Dopo tale scena introduttiva, il plot si sviluppa e conosciamo i personaggi, il contesto in cui si muovono e l'impostazione data dall'autore, con il reiterarsi di altri pregevoli numeri, di cui il secondo ancora di gruppo, poi man mano che la storia si dipana e Mia e Sebastian si stagliano come protagonisti, con incomparabili duetti ballati e cantati, citazionisti di tanto cinema appartenente al genere (ma non solo) che nacque in USA nella gloriosa epoca d'oro hollywoodiana ma che ebbe degli emuli anche in Europa (Jacques Demy), non buttati lì per caso, come è capitato in opere meno riuscite, ma aventi un senso preciso all'interno dell'economia della narrazione.
Damien Chazelle gira in palese stato di grazia sequenze, come quella al chiaro di luna, dove, sulle note di 'A Lovely Night', i divertiti ed autoironici Mia e Sebastian hanno il primo 'approccio amoroso' ma ancora un po' incerto, per passare a quella - magia pura - al Griffith Observatory, con Mia e Sebastian che prima fluttuano nello spazio e poi ridiscendono a terra, finendo per baciarsi, con la scena che, in un chiaro omaggio al cinema muto, si chiude a iris, poi ad altre in solitaria, prima con un Sebastian estasiato che si aggira di notte per le vie semiderte di L.A. canticchiando il leitmotiv 'City of Stars' e ancora con Mia protagonista, che recita e canta nella decisiva scena del provino, con un altro magistrale piano-sequenza di oltre quattro minuti di un'intensità a dir poco bergmaniana, dove il personaggio (e l'attrice, in un gioco di specchi) dà tutta se stessa, che stavolta si chiude con una dissolvenza incrociata ed infine chiusura 'in bellezza', con un'altra srepitosa scena (nove minuti) che trasuda romanticismo, in cui assistiamo a quello che avrebbe potuto essere ma non è stato, perché non è facile coniugare ambizioni personali, successo e felicità negli affetti.

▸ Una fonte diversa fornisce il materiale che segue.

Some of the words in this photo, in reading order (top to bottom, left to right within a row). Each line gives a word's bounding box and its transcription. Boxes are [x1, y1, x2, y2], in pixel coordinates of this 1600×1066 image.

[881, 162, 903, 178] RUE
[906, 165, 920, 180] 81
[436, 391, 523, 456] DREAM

Tutte queste scene quindi, possono essere viste - oltre che come puro e semplice piacere cinefilo - anche come diverse tappe di una grande storia d'amore, con due individui che si incontrano per caso, capiscono di avere un feeling tra loro, si mettono insieme ma poi il destino ancora ci mette lo zampino e tutto va a rotoli ed il film non è solo un omaggio al musical classico ma anche una rilettura dei suoi codici, dato che molte scene vengono girate en plen air, al contrario di tanti capi d'opera d'antan, tutti filmati negli Studios, mostrando svariate location della Città degli Angeli, che assiste privilegiata da quinta alle avventure del duo Mia e Sebastian, che i toni, da quelli spensierati e gioiosi iniziali si fanno via via più tenebrosi, raggiungendo una certa cupezza e malinconia nello straziante finale, che contraddice un'altra regola ferrea, quella del lieto fine (con la medesima scritta a rappresentare un ennesimo tributo alla fabbrica dei sogni).

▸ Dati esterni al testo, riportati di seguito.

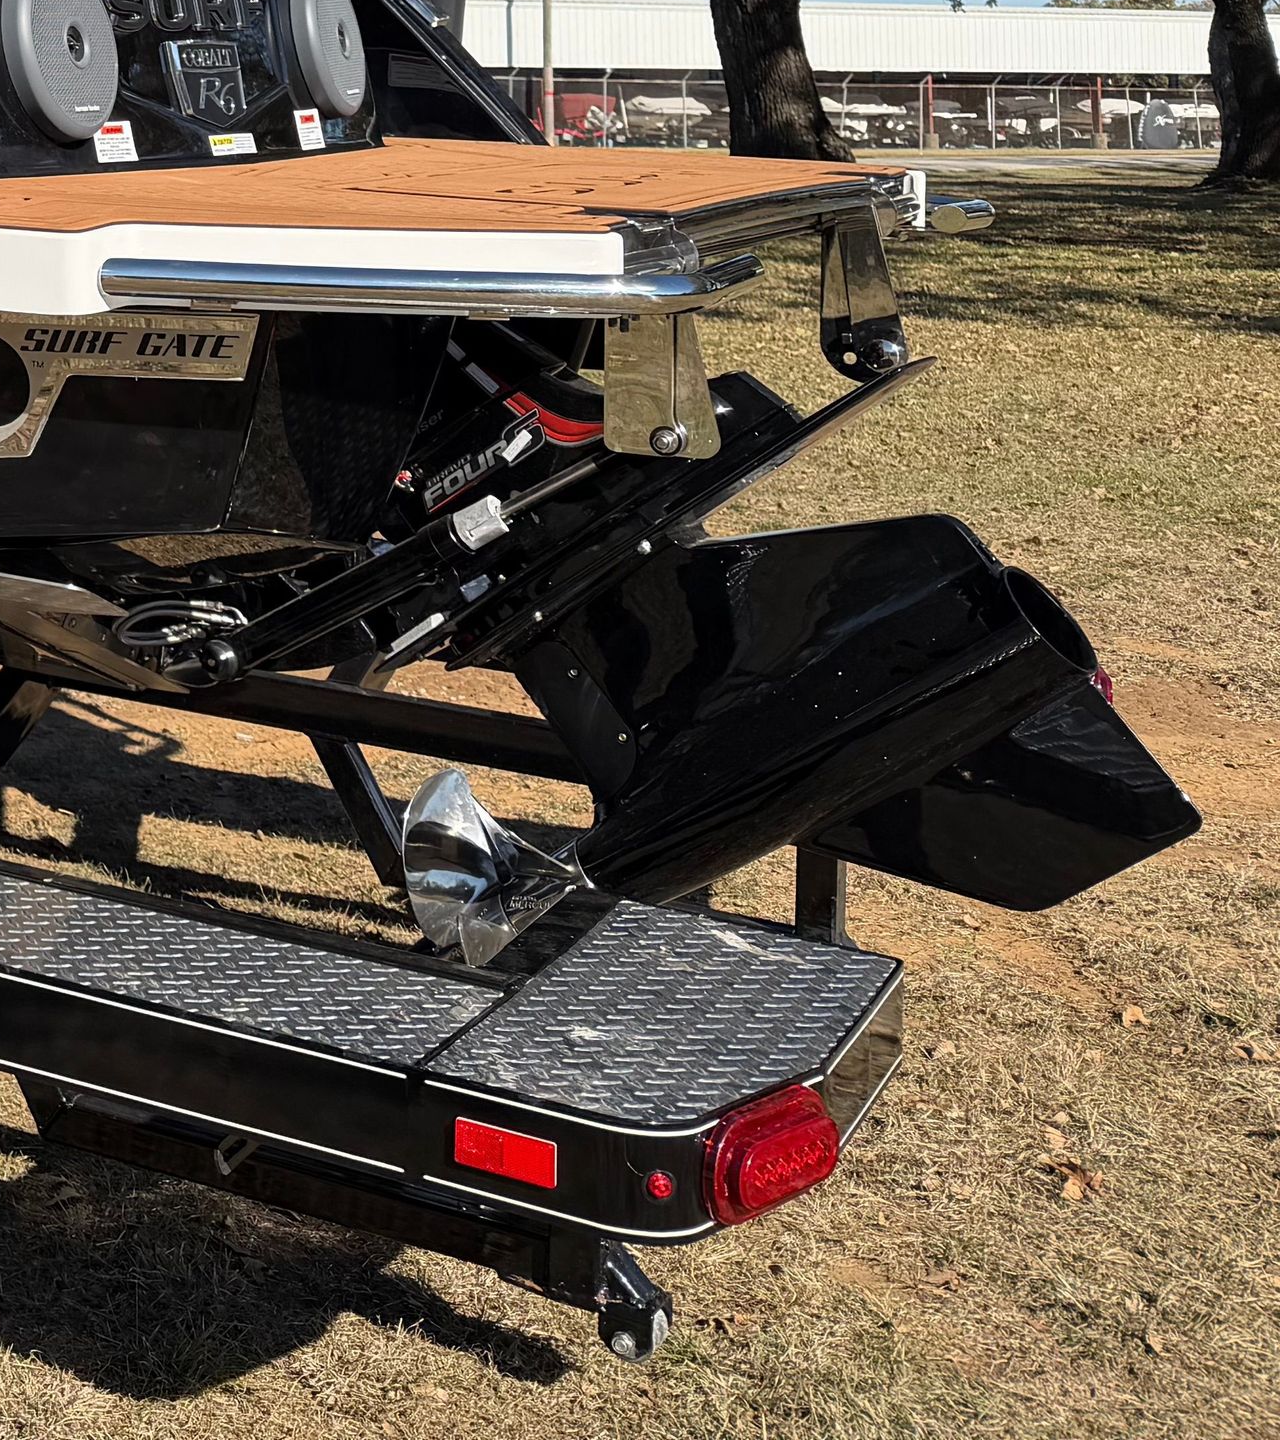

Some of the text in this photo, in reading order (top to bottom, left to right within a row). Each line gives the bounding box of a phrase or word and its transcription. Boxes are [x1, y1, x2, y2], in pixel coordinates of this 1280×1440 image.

[181, 48, 233, 68] COBALT
[198, 77, 235, 116] R6
[20, 328, 240, 359] SURF GATE
[424, 439, 508, 510] FOUR
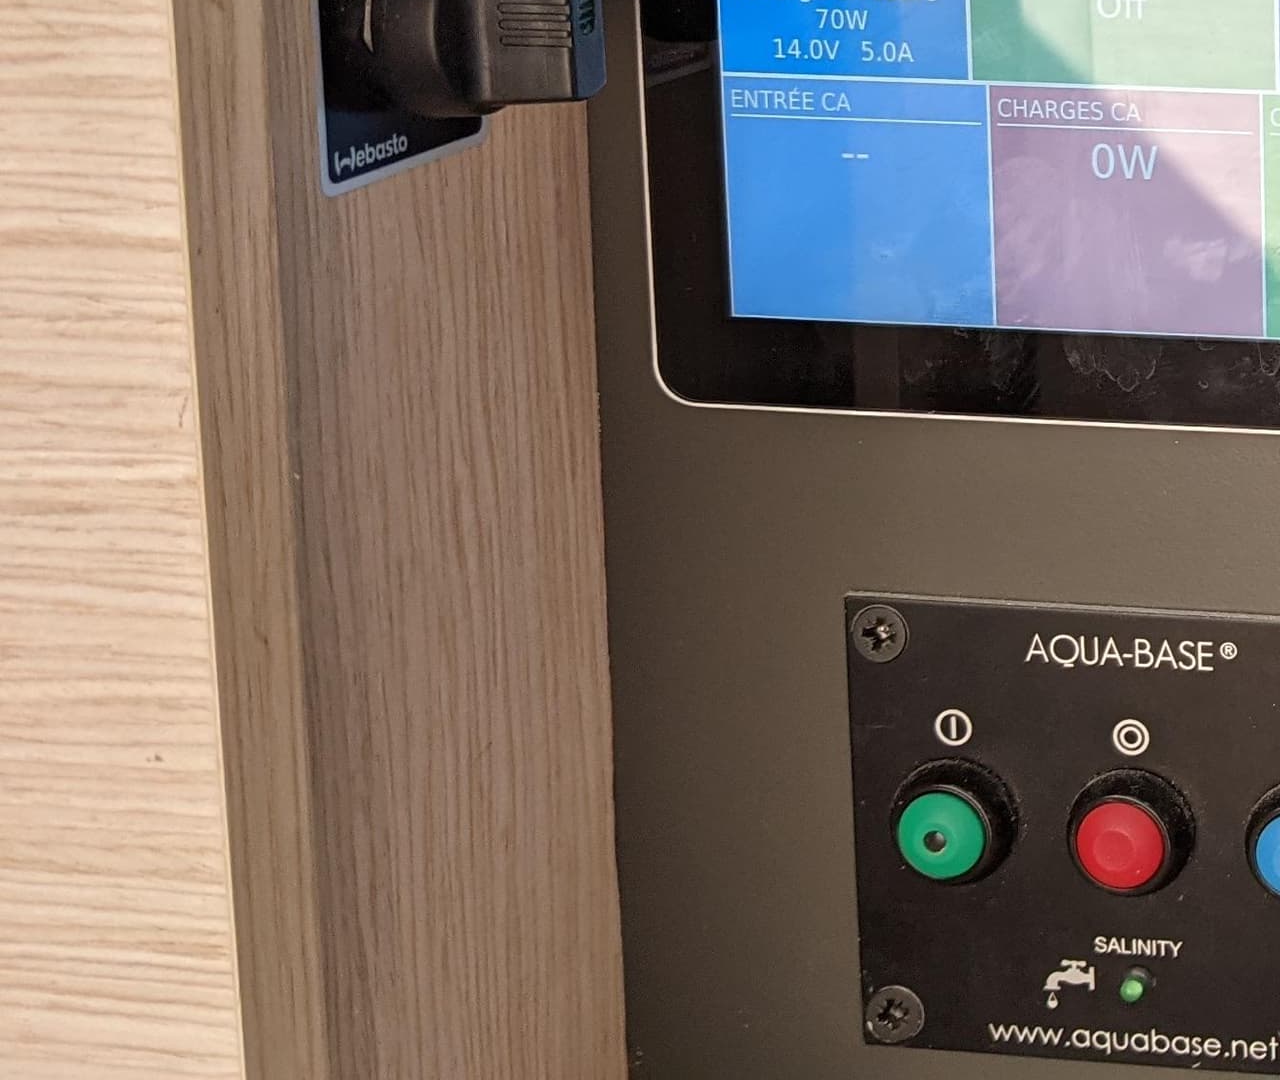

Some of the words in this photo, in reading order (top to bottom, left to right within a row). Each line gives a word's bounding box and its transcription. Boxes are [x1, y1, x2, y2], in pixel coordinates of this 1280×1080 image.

[815, 8, 868, 31] 70W
[772, 38, 840, 61] 14.0V
[861, 40, 914, 62] 5.0A
[731, 87, 815, 111] ENTRÉE
[822, 92, 851, 112] CA
[997, 97, 1104, 122] CHARGES
[1110, 100, 1142, 125] CA
[1090, 142, 1157, 183] 0W
[1094, 936, 1183, 958] SALINITY
[987, 1021, 1279, 1064] www.aquabase.net

Fondamentali per l'esito del lungometraggio le prove di una radiosa Emma Stone, qui alla migliore interpretazione della sua pur breve carriera, coronata con l'Oscar e tutta una serie di altri premi, che riesce a passare da registri da commedia ad altri di grande intensità drammatica, come nell'anzidetta scena del provino, dove canta 'Audition (The Fools Who Dream)' e di un altrettanto bravo Ryan Gosling, in una parte, la sua, un po' più introspettiva rispetto alla partner ma coinvolgente anch'egli, la sfavillante fotografia di Linus Sandgren, le impeccabili scenografie di David e Sandy Reynolds-Wasco, nonché ovviamente le musiche e le canzoni di Justin Hurwitz (e di Benj Pasek e Justin Paul) - tutti premiati con l'Oscar, così come, va da sè, il sontuoso lavoro del regista - che sono già un cult per i tanti che hanno amato il film fin da subito e sono corsi al cinema a vederlo e rivederlo.
'La La Land' - con i suoi sei Oscar (che, per un disguido e una figuraccia che sono già nella storia, sono stati per qualche minuto sette, con quello per il miglior film, poi andato all'opera All Black 'Moonlight') e decine di premi in giro per il mondo, un plauso generale della critica ma soprattutto una sorta di venerazione per i tanti spettatori che, sparsi in ogni dove (a fronte di pochissimi 'fuggiti' dalle sale!), nel giro di pochi mesi, gli hanno fatto guadagnare lo status di un vero film di culto ed epocale - si accinge ad entrare nell'olimpo del cinema, lasciando un segno che durerà nel tempo.
Voto: 9.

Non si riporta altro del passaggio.